--- EXERCISE BRIEF ---
Each line below is to be copied exactly; images do not go into the copy.

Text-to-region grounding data
******************************
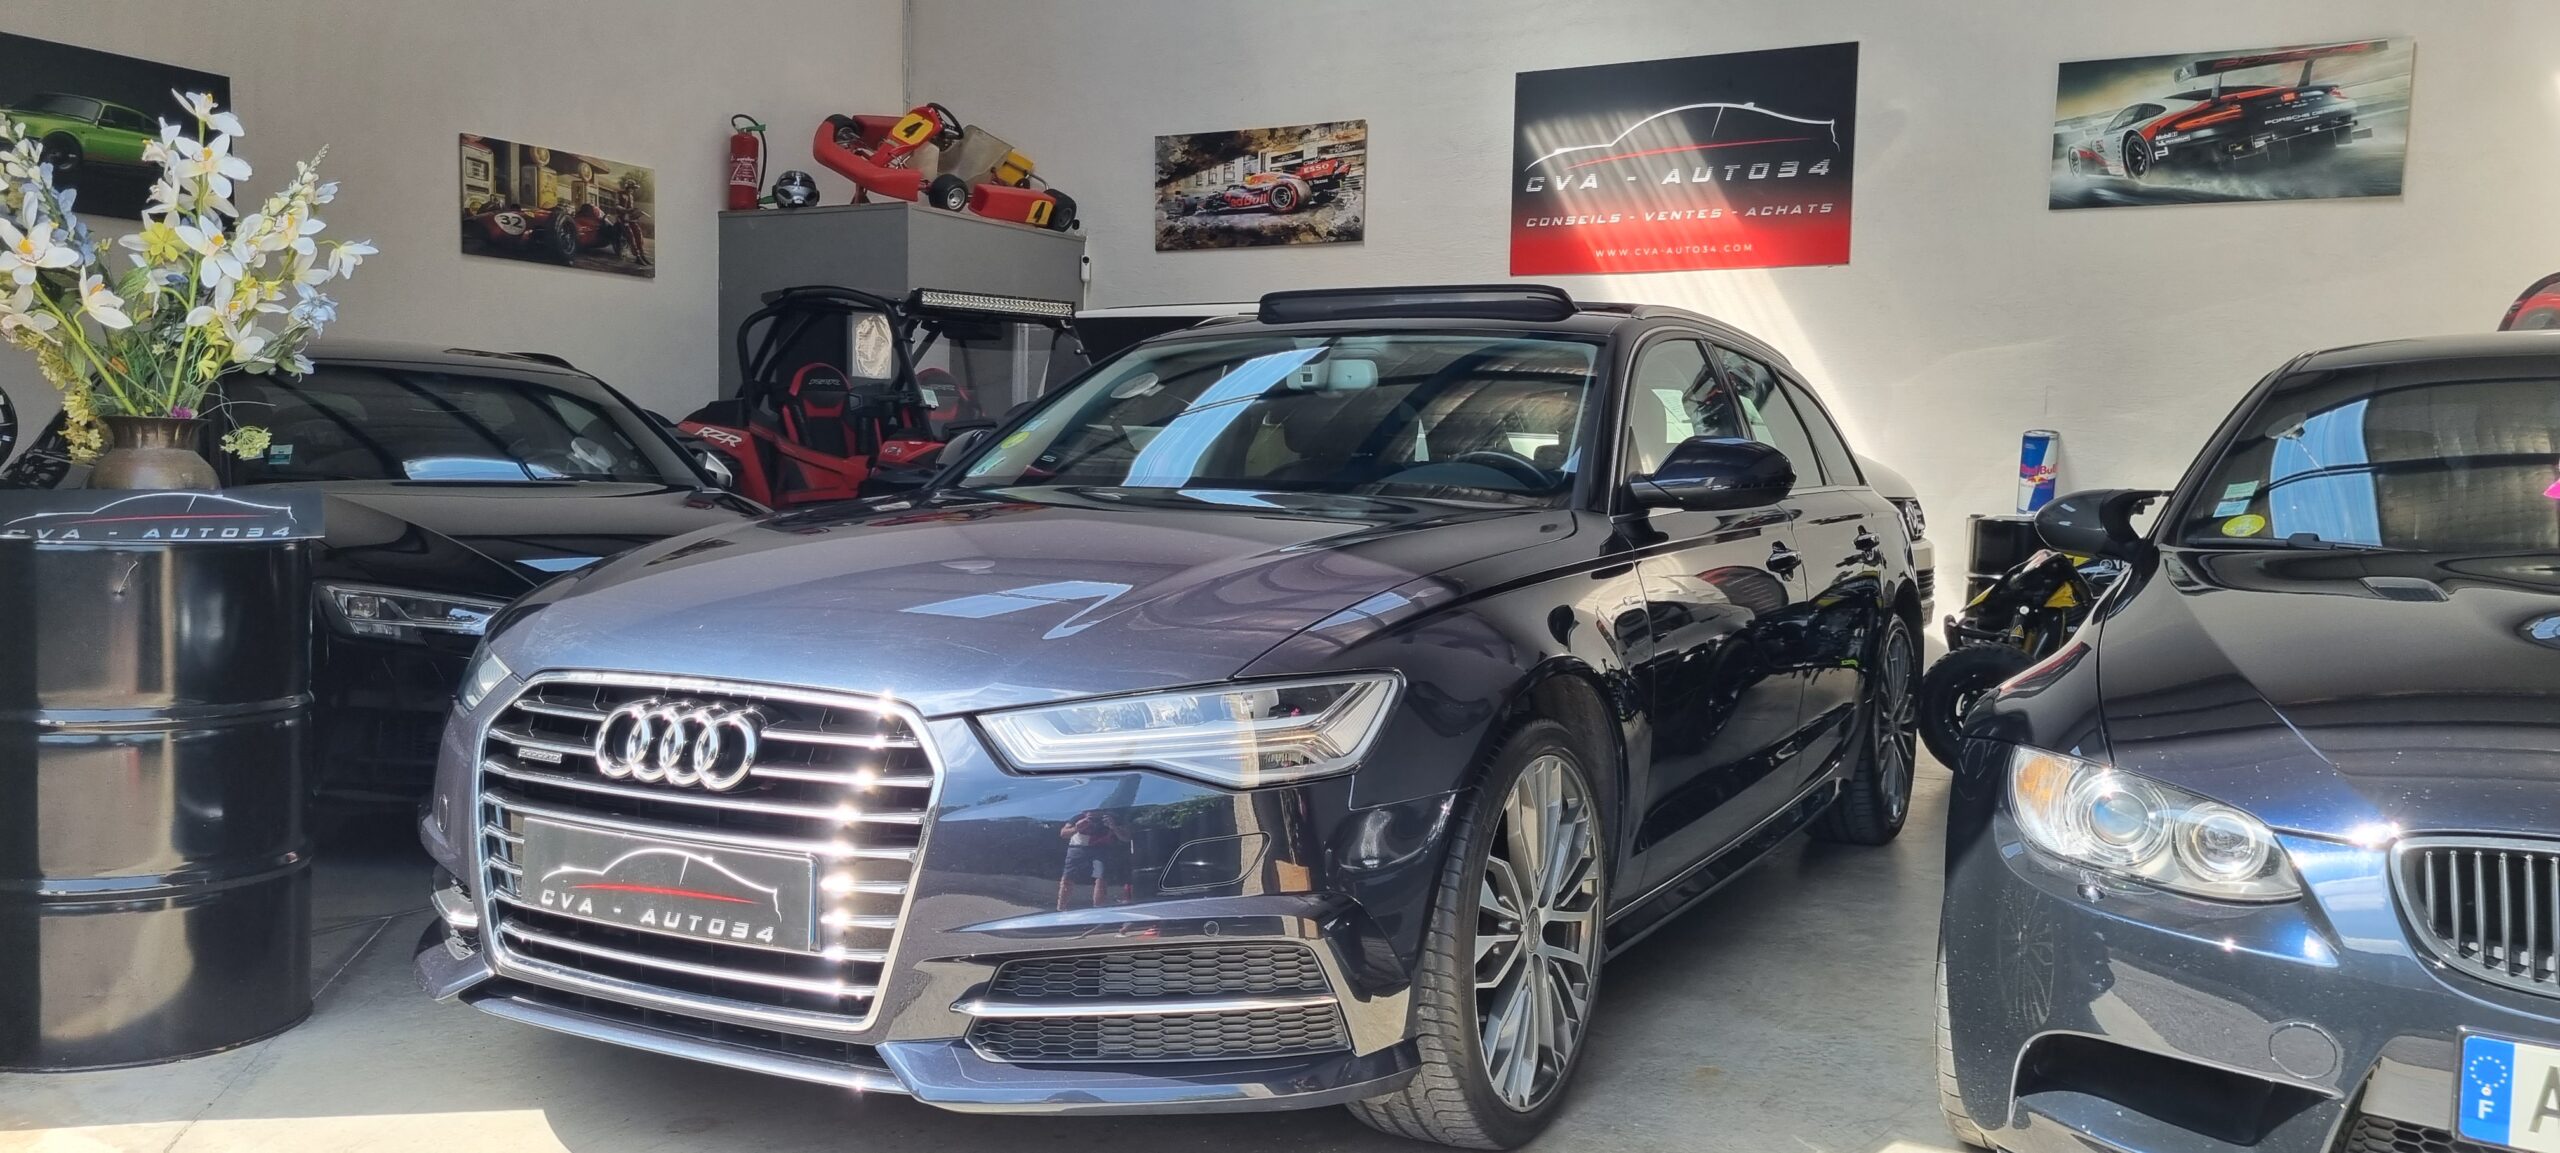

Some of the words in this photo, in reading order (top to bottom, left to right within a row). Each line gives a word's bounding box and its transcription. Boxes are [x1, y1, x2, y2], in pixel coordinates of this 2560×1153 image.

[2264, 112, 2310, 125] PORSCHE
[902, 121, 924, 138] 4
[1303, 163, 1330, 173] ESSO
[1525, 173, 1599, 194] CVA
[1661, 158, 1832, 186] AUTO34
[1033, 201, 1046, 223] 4
[1525, 212, 1621, 228] CONSEILS
[1644, 207, 1723, 223] VENTES
[1744, 202, 1834, 217] ACHATS
[500, 214, 524, 230] 32
[1595, 243, 1753, 258] WWW.CVA-AUTO34.COM
[694, 426, 742, 447] RZR
[142, 526, 291, 538] AUTO34
[541, 888, 593, 915] CVA
[640, 908, 775, 942] AUTO34
[2477, 1099, 2495, 1120] F
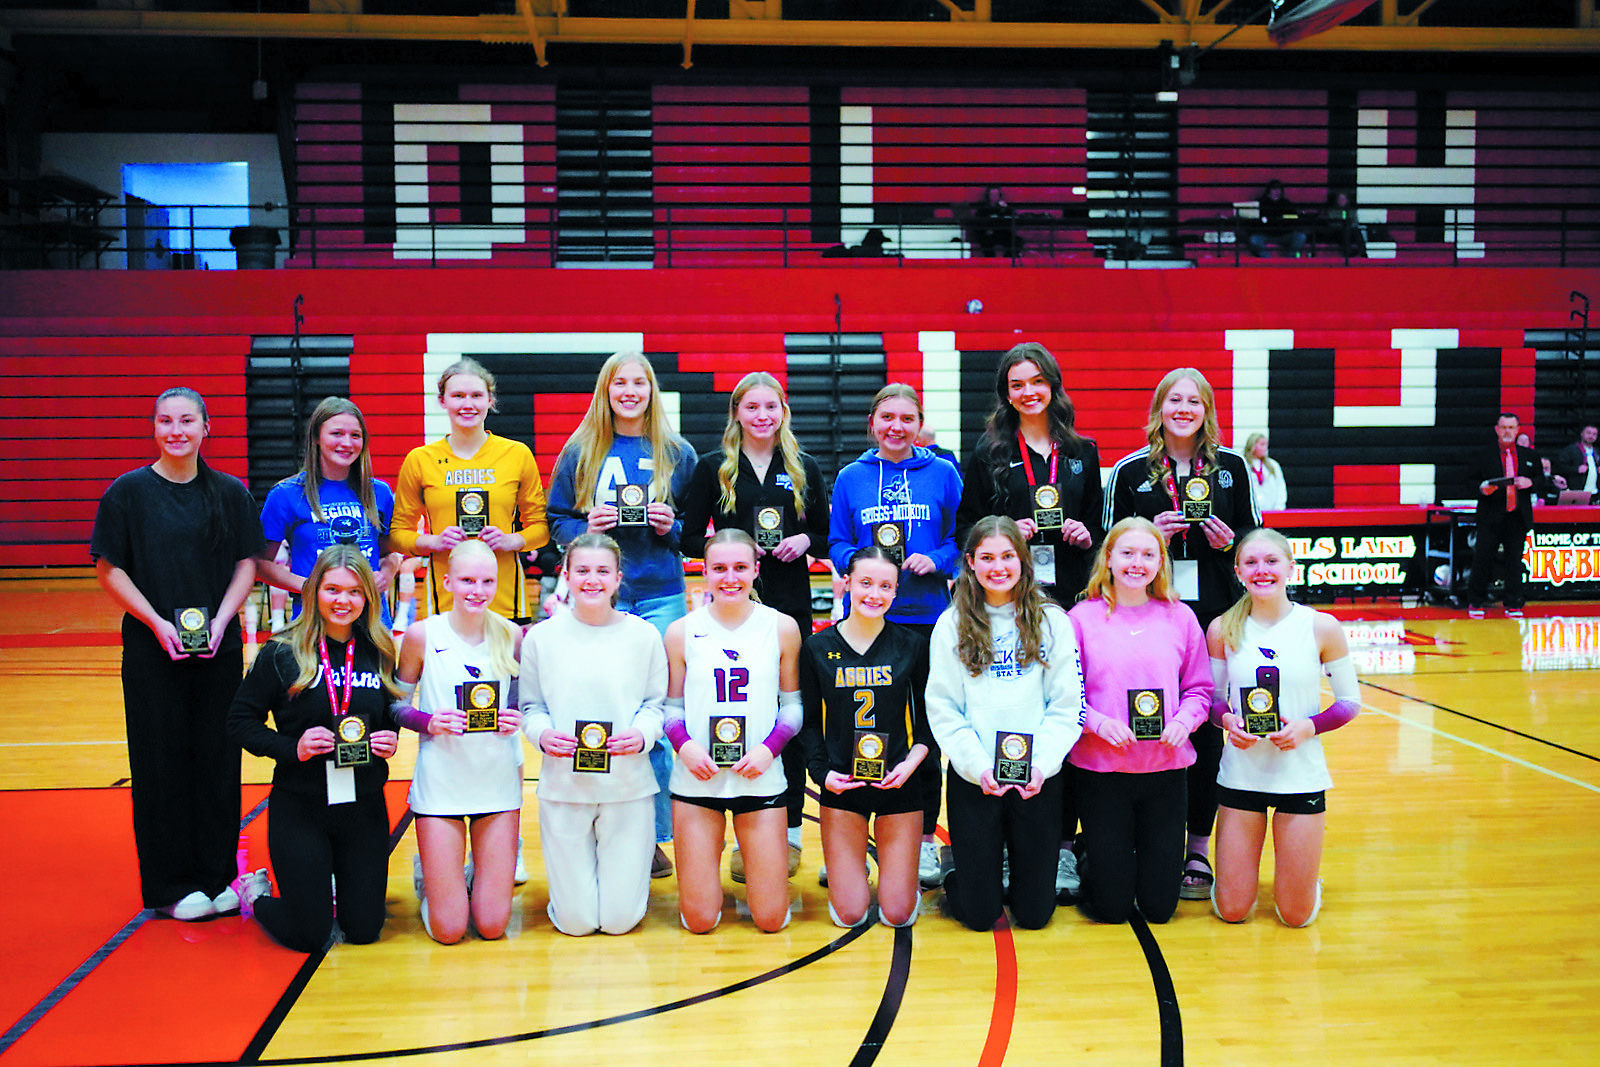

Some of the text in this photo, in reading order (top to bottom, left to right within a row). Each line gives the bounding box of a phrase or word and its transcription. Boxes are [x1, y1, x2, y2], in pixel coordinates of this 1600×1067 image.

[1357, 109, 1485, 258] H
[445, 469, 496, 485] AGGIES
[1340, 536, 1417, 558] LAKE
[1536, 533, 1571, 546] HOME
[1572, 533, 1590, 545] OF
[1308, 562, 1406, 586] SCHOOL
[713, 667, 750, 702] 12
[835, 665, 893, 688] AGGIES
[853, 688, 876, 729] 2
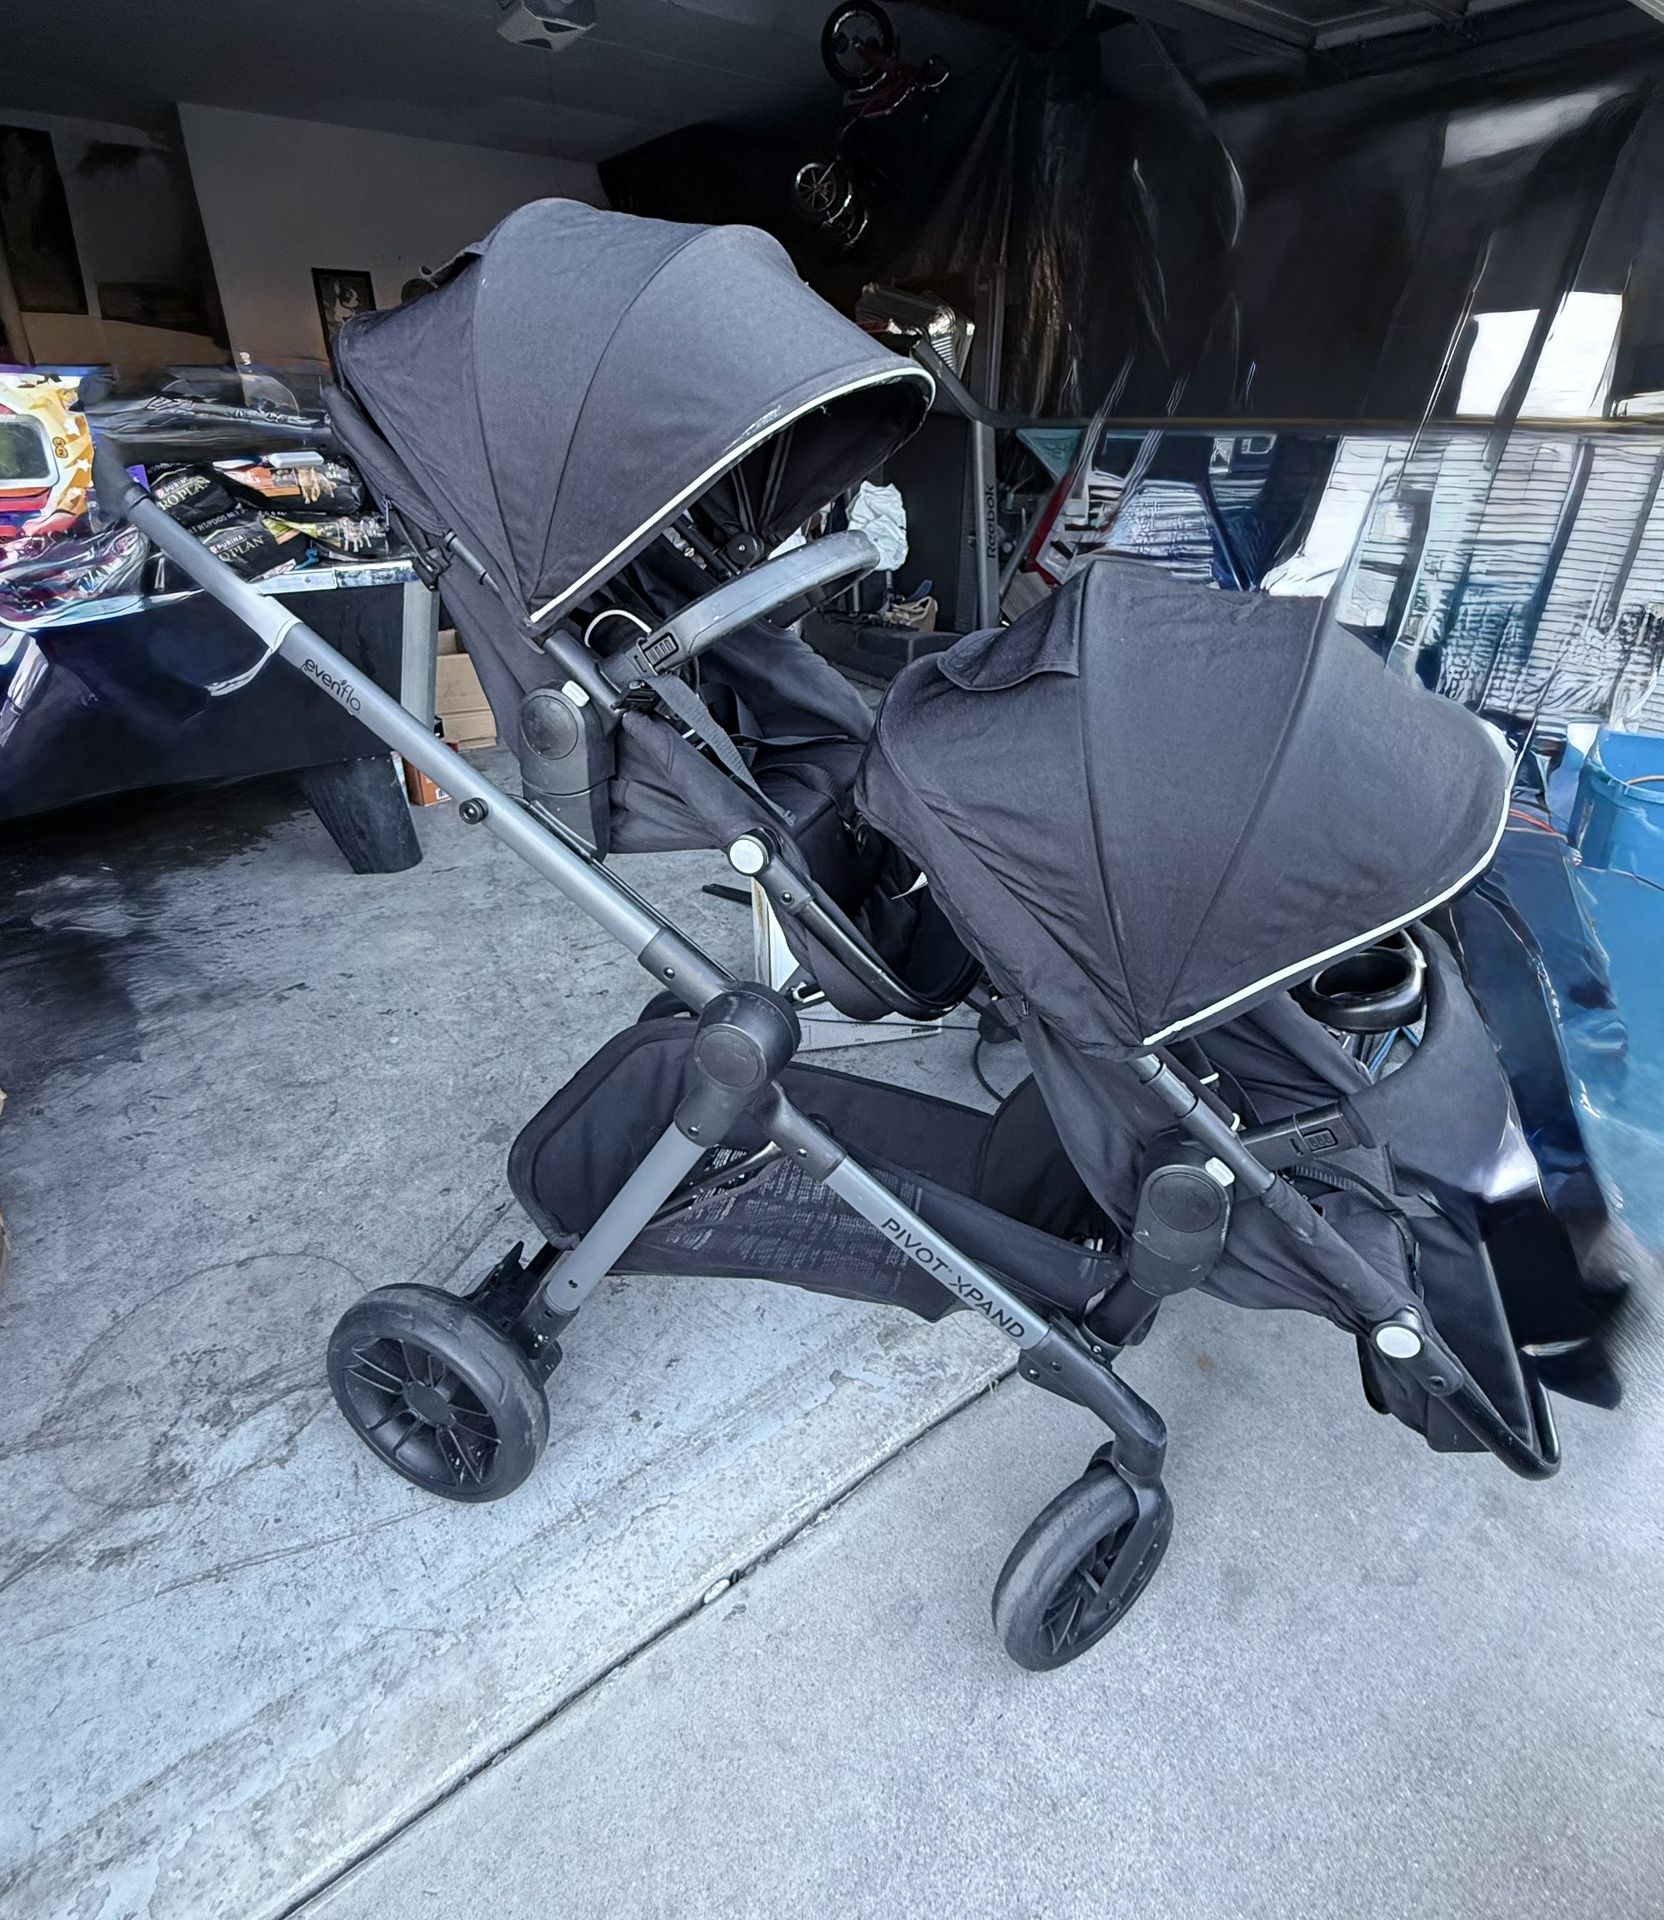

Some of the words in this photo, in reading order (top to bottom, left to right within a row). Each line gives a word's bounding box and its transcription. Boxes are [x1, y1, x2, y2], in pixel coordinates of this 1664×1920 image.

[985, 485, 997, 559] Reebok
[304, 658, 362, 712] evenflo
[881, 1217, 950, 1272] PIVOT
[948, 1275, 1026, 1339] XPAND
******************************
--- FINISHED TASK ---
Some of the words in this photo, in reading order (top to bottom, left to right within a row). Each line gives a word's bounding box and its transcription. Boxes are [x1, y1, x2, y2], in pixel coordinates of this 2560×1153 image.

[2264, 112, 2310, 125] PORSCHE
[902, 121, 924, 138] 4
[1303, 163, 1330, 173] ESSO
[1525, 173, 1599, 194] CVA
[1661, 158, 1832, 186] AUTO34
[1033, 201, 1046, 223] 4
[1525, 212, 1621, 228] CONSEILS
[1644, 207, 1723, 223] VENTES
[1744, 202, 1834, 217] ACHATS
[500, 214, 524, 230] 32
[1595, 243, 1753, 258] WWW.CVA-AUTO34.COM
[694, 426, 742, 447] RZR
[142, 526, 291, 538] AUTO34
[541, 888, 593, 915] CVA
[640, 908, 775, 942] AUTO34
[2477, 1099, 2495, 1120] F

Some of the text in this photo, in reading order (top to bottom, left to right within a row). Each line gives the bounding box of a phrase or word and its transcription. Boxes are [x1, y1, x2, y2], in pixel coordinates of this 1600×1067 image.

[1357, 109, 1485, 258] H
[445, 469, 496, 485] AGGIES
[1340, 536, 1417, 558] LAKE
[1536, 533, 1571, 546] HOME
[1572, 533, 1590, 545] OF
[1308, 562, 1406, 586] SCHOOL
[713, 667, 750, 702] 12
[835, 665, 893, 688] AGGIES
[853, 688, 876, 729] 2

Some of the words in this photo, in reading order (top to bottom, left to right within a row). Each line gives a word's bounding box and its transcription. Boxes are [x1, y1, x2, y2], in pixel coordinates of this 1664×1920 image.

[985, 485, 997, 559] Reebok
[304, 658, 362, 712] evenflo
[881, 1217, 950, 1272] PIVOT
[948, 1275, 1026, 1339] XPAND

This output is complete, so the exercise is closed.